Courage have scored more goals this season than any other team in NWSL history, and they have their own formula. Abby Dahlkemper dribbles into space and passes the ball to Jess MacDonald, who holds it as Lynn Williams runs into the box. Lynn Williams scores most often. Sometimes Crystal Dunn intervenes, and sometimes Dahlkemper takes a free kick instead of running from the field, but the basic strategy rarely changes. Why is this needed? This goal was William’s second goal in that game, thirteenth this season and the fifty-first for Courage in 2018:

Video courtesy of NWSLSoccer on YouTube .

Players to watch out for: It is quite difficult to beat the completely absurd Jess MacDonald / Lynn Williams combination, although I have not fully recovered from this amazing Sam Mewis goal yet. I’m probably the most excited watchingreigning Defender of the Year Abby Dahlkemper and the human Swiss Army Knife Crystal Dunn , but the whole squad is just complicated.

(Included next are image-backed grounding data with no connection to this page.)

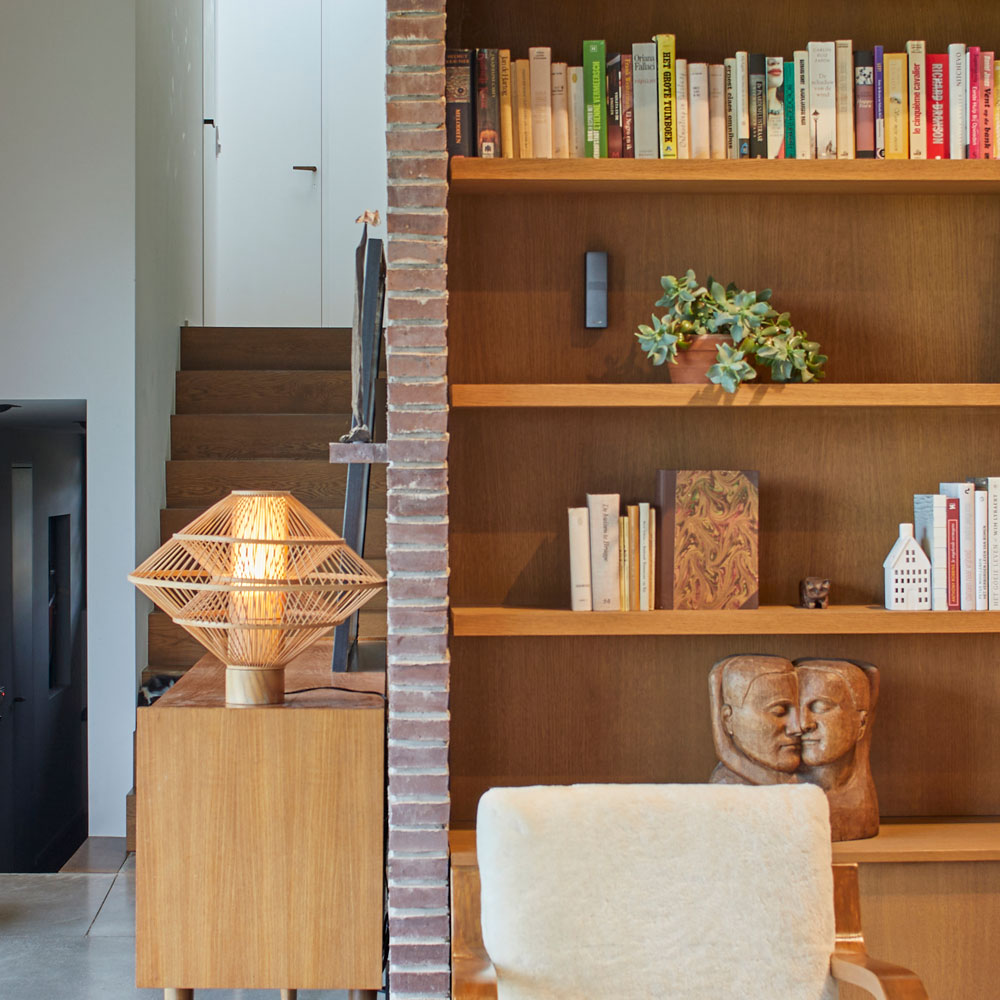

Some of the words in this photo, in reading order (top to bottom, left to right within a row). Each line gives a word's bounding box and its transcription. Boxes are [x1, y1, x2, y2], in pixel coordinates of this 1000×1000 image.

[500, 56, 508, 66] Jan
[633, 54, 655, 62] Oriana
[633, 62, 655, 71] Fallaci
[663, 52, 671, 69] HET
[501, 73, 509, 96] Hartog
[663, 71, 671, 99] GROTE
[913, 62, 921, 91] cavalier
[931, 63, 944, 101] RICHARD
[912, 91, 922, 127] cinquième
[971, 114, 979, 122] Bij
[983, 109, 989, 117] op
[663, 100, 672, 143] TUINBOEK
[931, 102, 944, 144] BRANSON
[984, 117, 989, 125] de
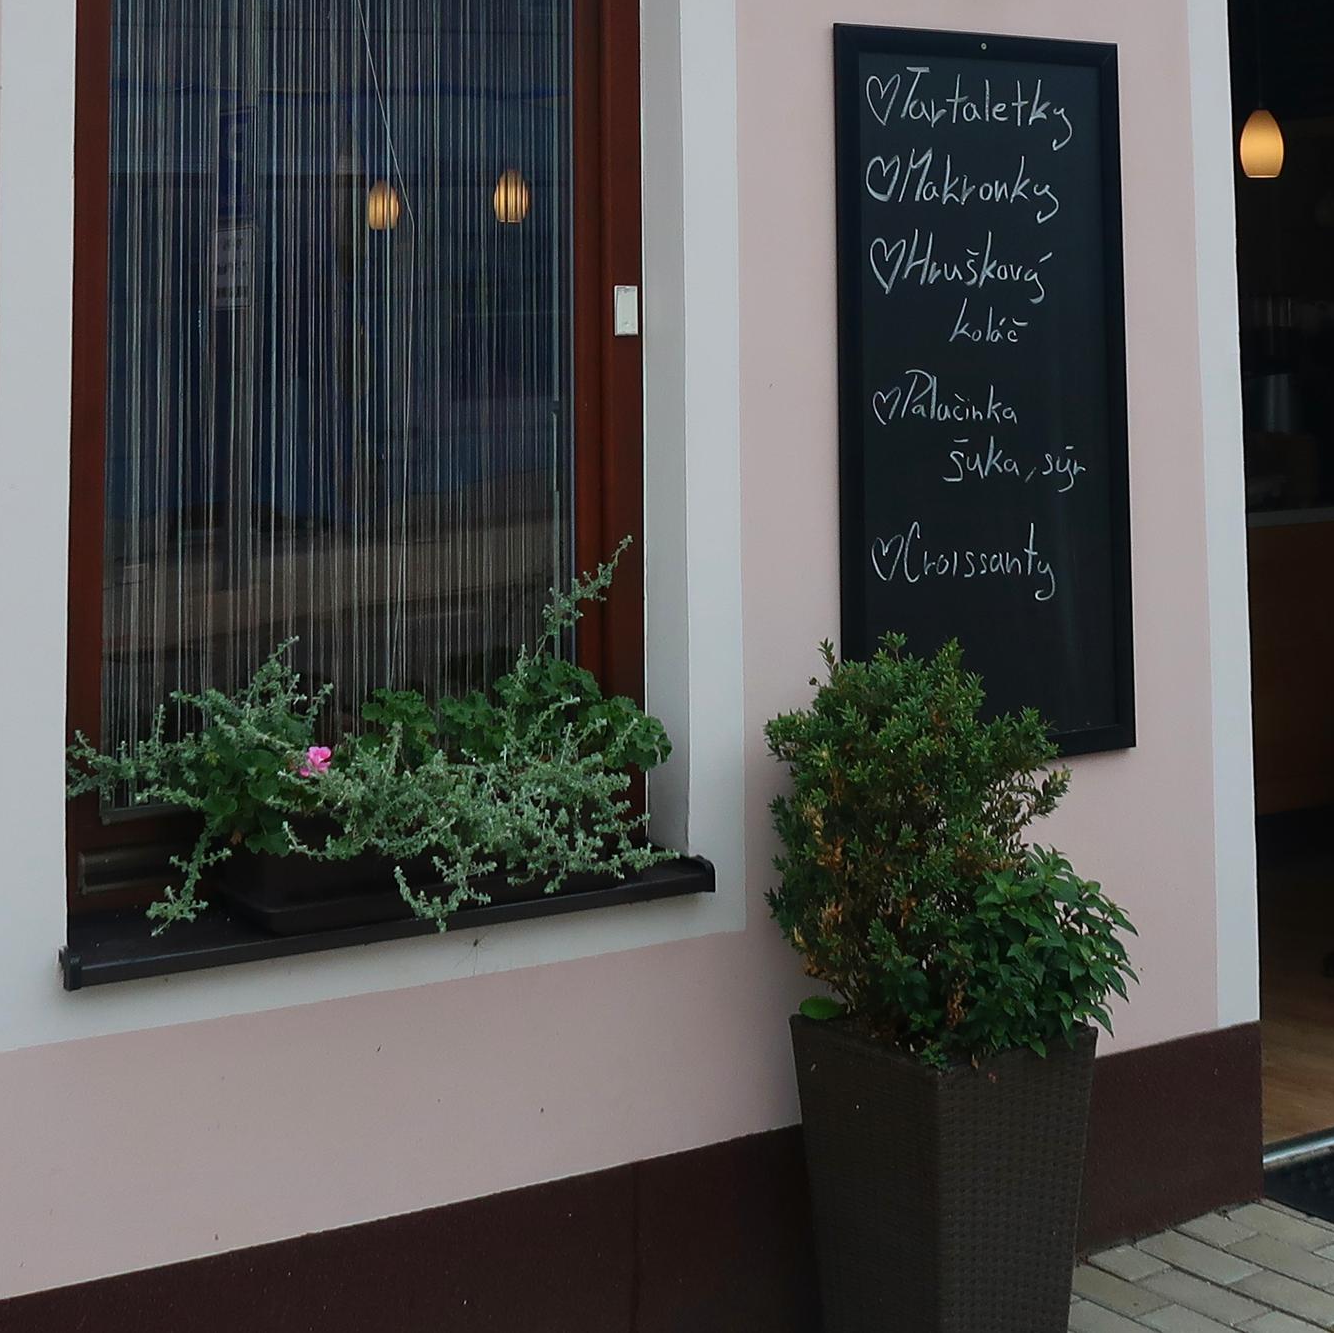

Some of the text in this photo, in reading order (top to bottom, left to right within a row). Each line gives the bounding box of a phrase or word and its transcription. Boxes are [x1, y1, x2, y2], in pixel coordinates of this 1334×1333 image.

Portland Spikes: Patchwork, Beautiful Hot Riots in Championships

With two championships to their credit (2013 and 2017), the Thorns have always been at least competitive, if not completely dominant. However, it doesn’t exactly seem like their year: main attackers Allie Long, Amandine Henry, and Nagy Nadim all left behind for other teams, and injuries kept defender Emily Menges and world-class playmaker Tobin Heath from the starting lineup until early May. Also in April, front line goalkeeper Adrianna Franch underwent knee surgery. This is a lot of changes at once, but the Thorns realized it, started scoring more goals and earned a place in the second game of the championship in a row. That’s why I think this frustrating, sloppy, breathtaking show is Thorns’ goal for 2018:

Video courtesy of NWSLSoccer on YouTube .

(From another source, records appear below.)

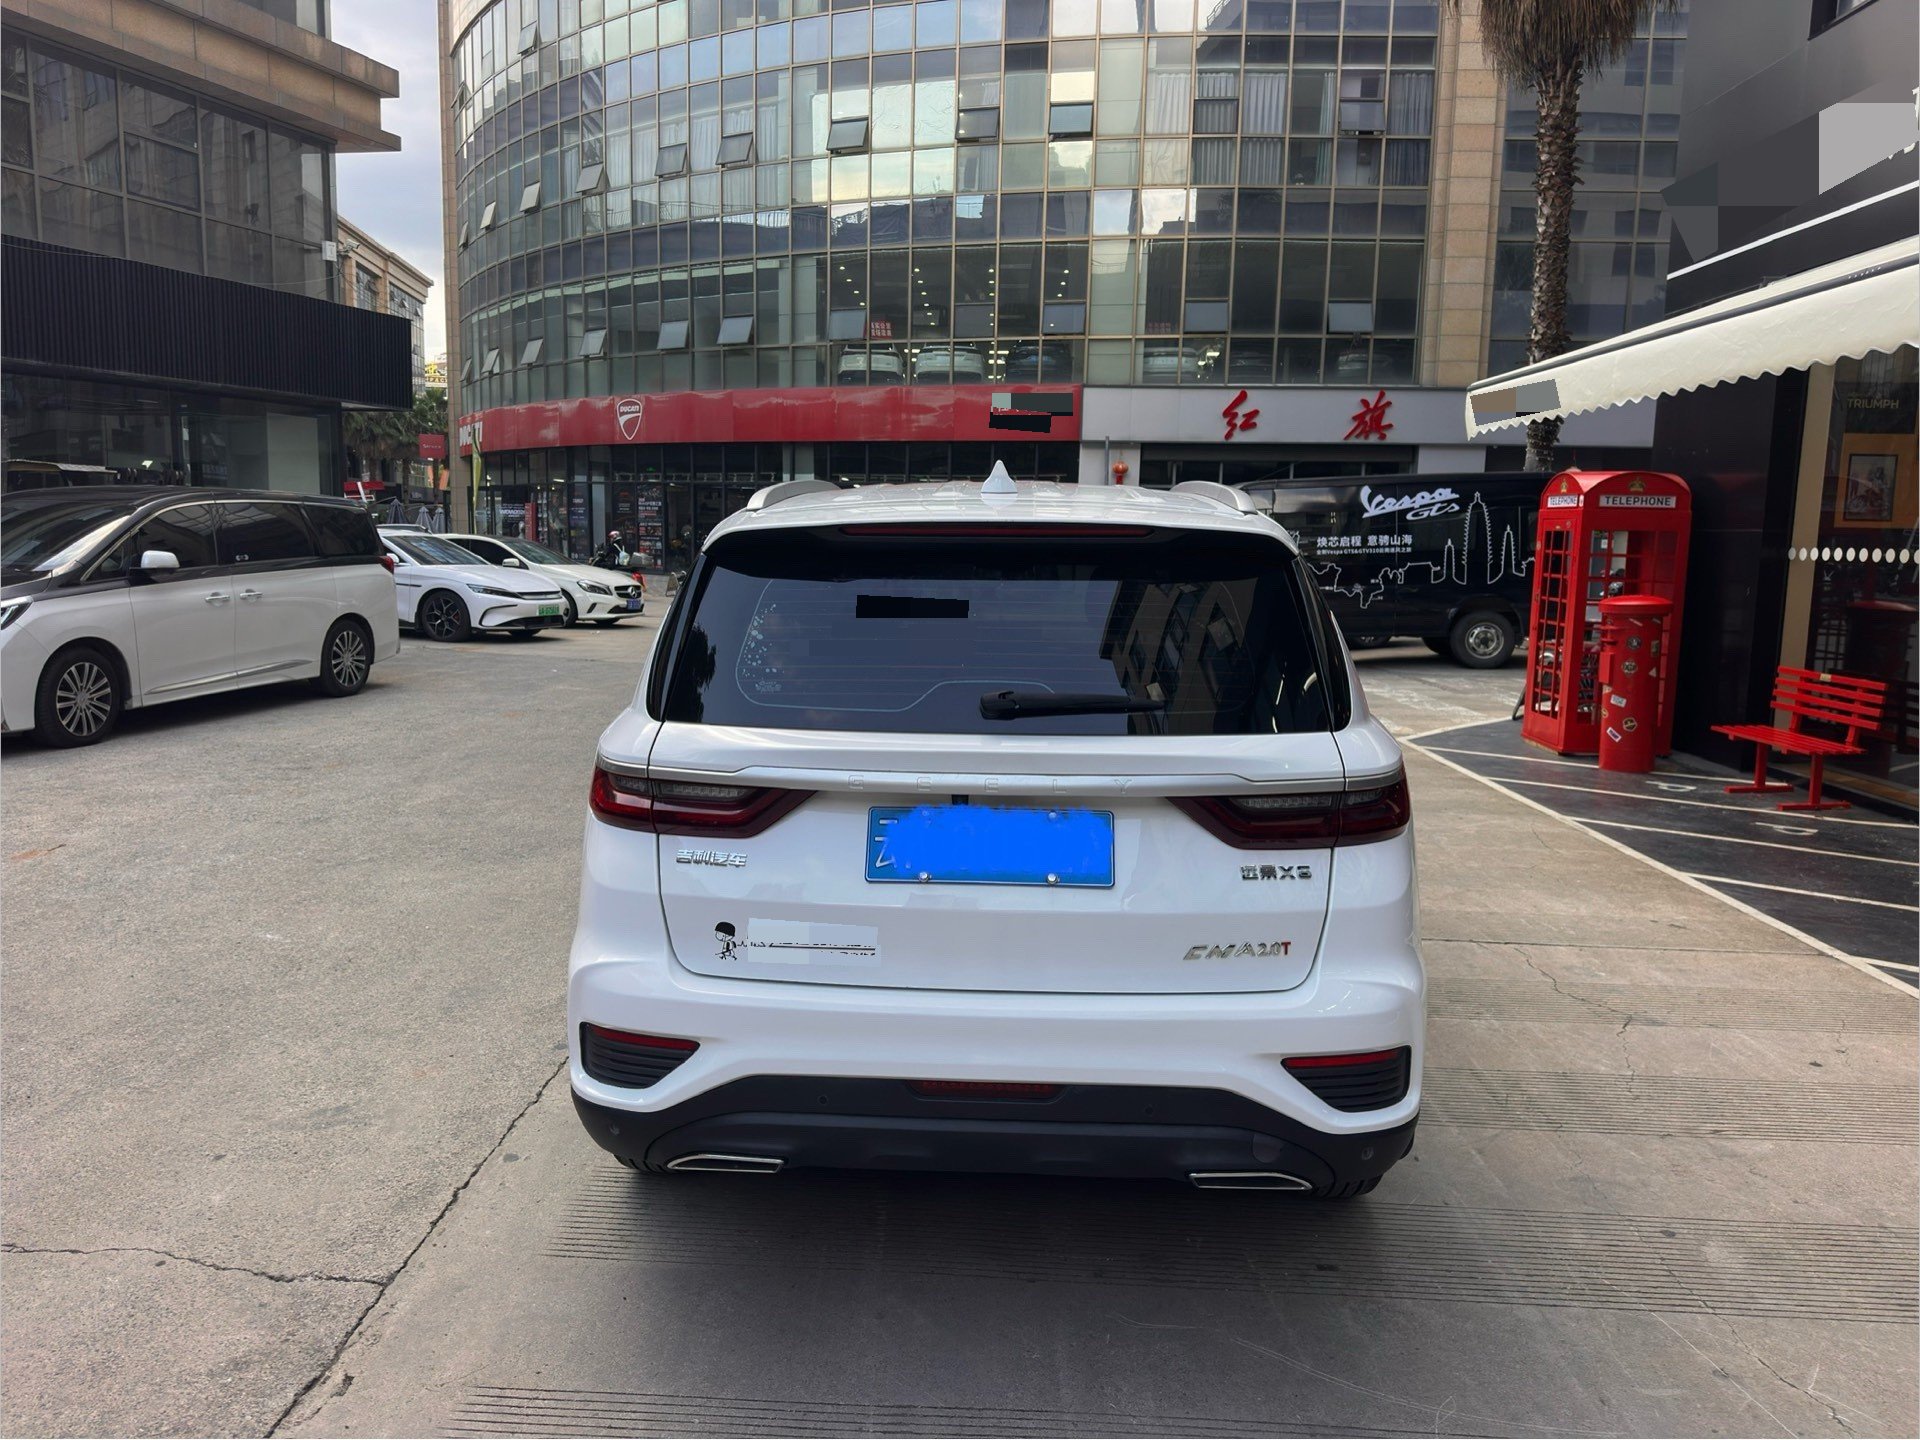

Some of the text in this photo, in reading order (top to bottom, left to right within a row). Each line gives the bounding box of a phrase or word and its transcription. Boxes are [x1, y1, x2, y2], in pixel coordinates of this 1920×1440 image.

[1847, 398, 1900, 409] TRIUMPH
[1222, 389, 1394, 441] 红旗
[1360, 485, 1460, 518] Vespa
[1550, 496, 1578, 506] TELEPHONE
[1604, 496, 1672, 507] TELEPHONE
[848, 774, 1133, 795] GEELY
[676, 849, 749, 867] 吉利汽车

Players, backed by the following: Favorite league MVP Lindsey Horan throughout the season scoredbadge forbeydzherom forbeydzherom mainly head and basically in cahoots with Tobin Heath and Christine Sinclair. On the back row , Adrianna Franch is likely to make one or three ridiculous saves , and Emily Menges has long beenmaking huge blocks in big games.

Finally, we need to talk about Jalen Hinkle from North Carolina. She’s a great defender, but also a fierce, stubborn homophobe who turned down a spot on the national team because she couldn’t bring herself to wear rainbow numbers on her back . She received a lot of social media coverage for this choice, but the only real consequences were the screams of Portland fans. This is important: in a sport where groups of male supporters regularly engage in homophobic chants, hearing the crowd yell at an athlete because of his homophobia seems like a catharsis. Thorns’ sold-out match at Providence Park is the exact opposite of a homophobic safe place, so Saturday should be fun for Jaelene to say the least.

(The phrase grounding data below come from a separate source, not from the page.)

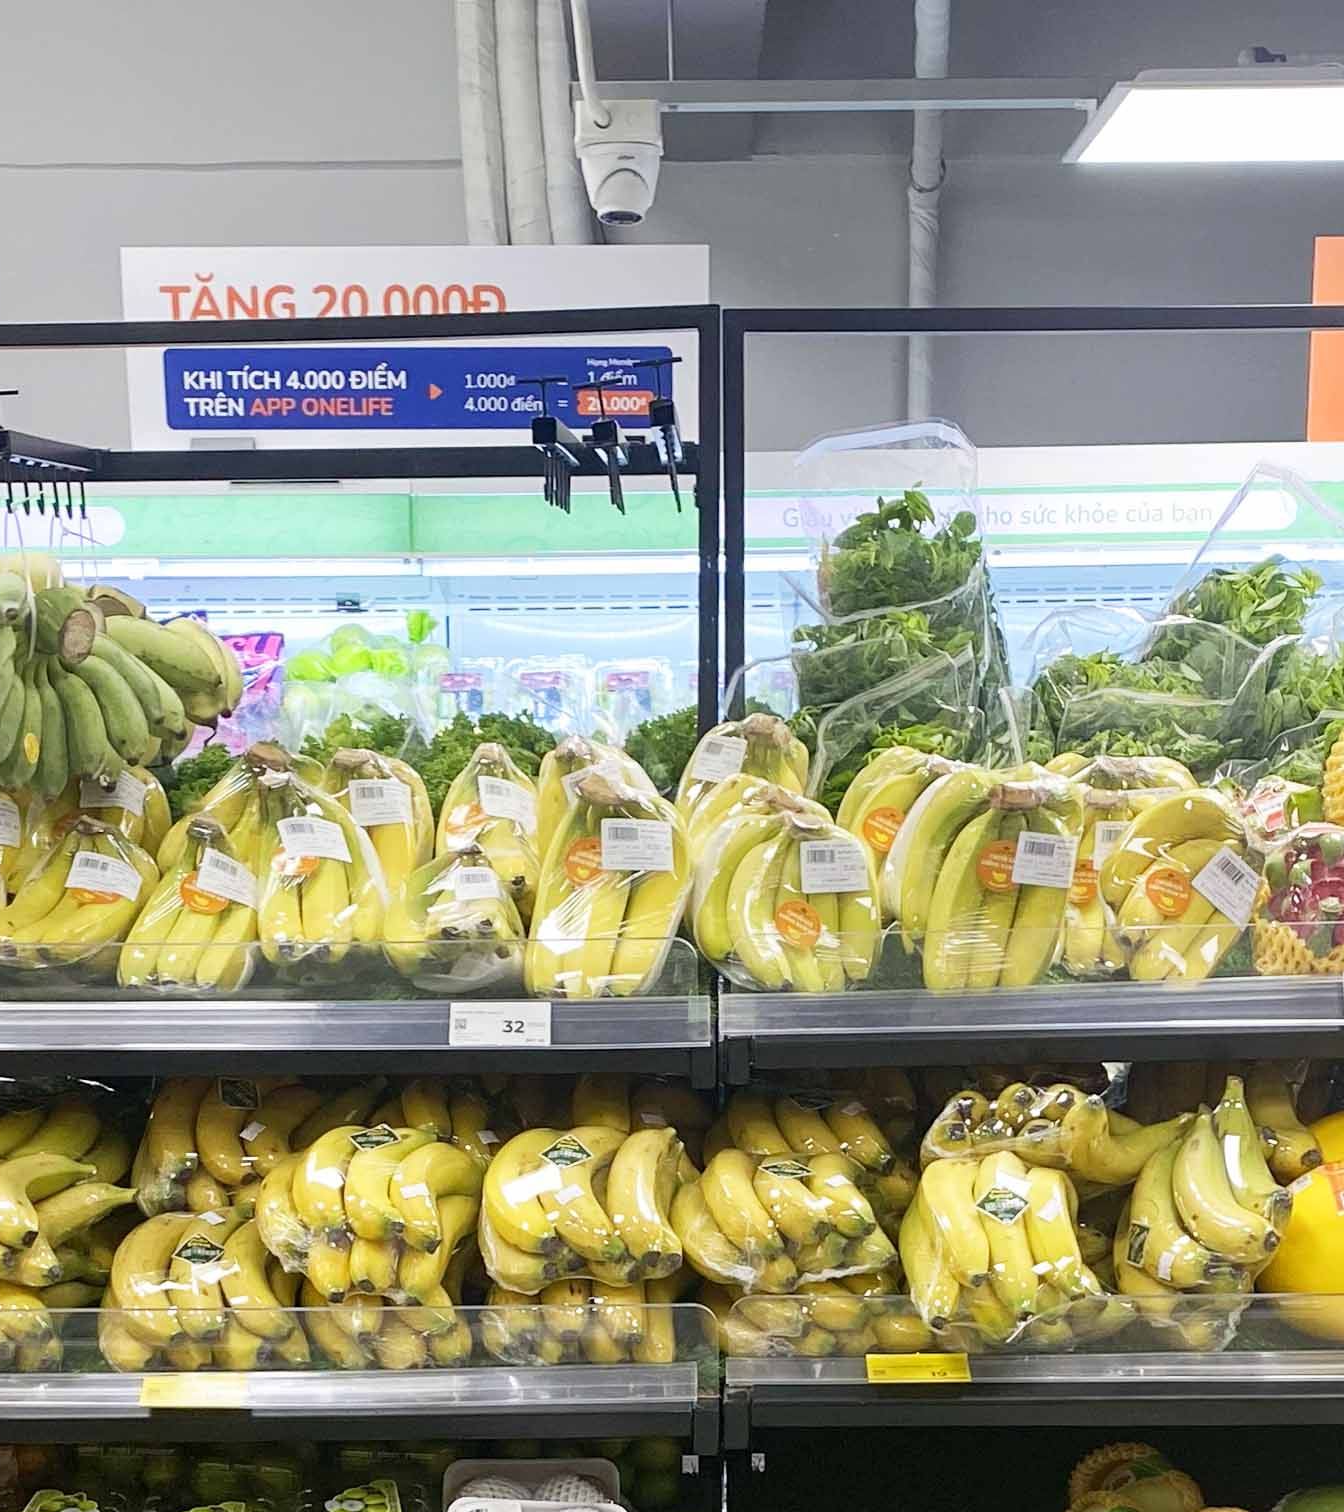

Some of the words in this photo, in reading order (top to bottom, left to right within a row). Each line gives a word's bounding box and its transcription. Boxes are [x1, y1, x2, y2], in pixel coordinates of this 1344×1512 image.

[183, 371, 222, 390] KHI
[227, 364, 281, 390] TÍCH
[286, 370, 345, 390] 4.000
[349, 362, 407, 390] ĐIỂM
[184, 392, 245, 417] TRÊN
[250, 398, 296, 416] APP
[302, 398, 393, 416] ONELIFE
[464, 397, 508, 411] 4.000
[502, 1020, 525, 1033] 32

Courage coach Paul Riley and teammate Jess MacDonald defended Hinkle in interviews, but judging by the silence of everyone else, her comments put her many LGBT peers in an extremely uncomfortable position. As a fan, it’s at least comforting to know that NWSL culture doesn’t apply to fanatics. If that’s not a compelling reason to tune in after an unbearably long week of horror stories about horrible men, I don’t know what it is.

The 2018 NWSL Championship kicks off tomorrow, September 22 at 1:30 pm PT (4:30 pm ET) . You can look at Lifetime; Cord cutters can use their cousin’s friend’s cable login to stream to mylifetime.com or the Lifetime app.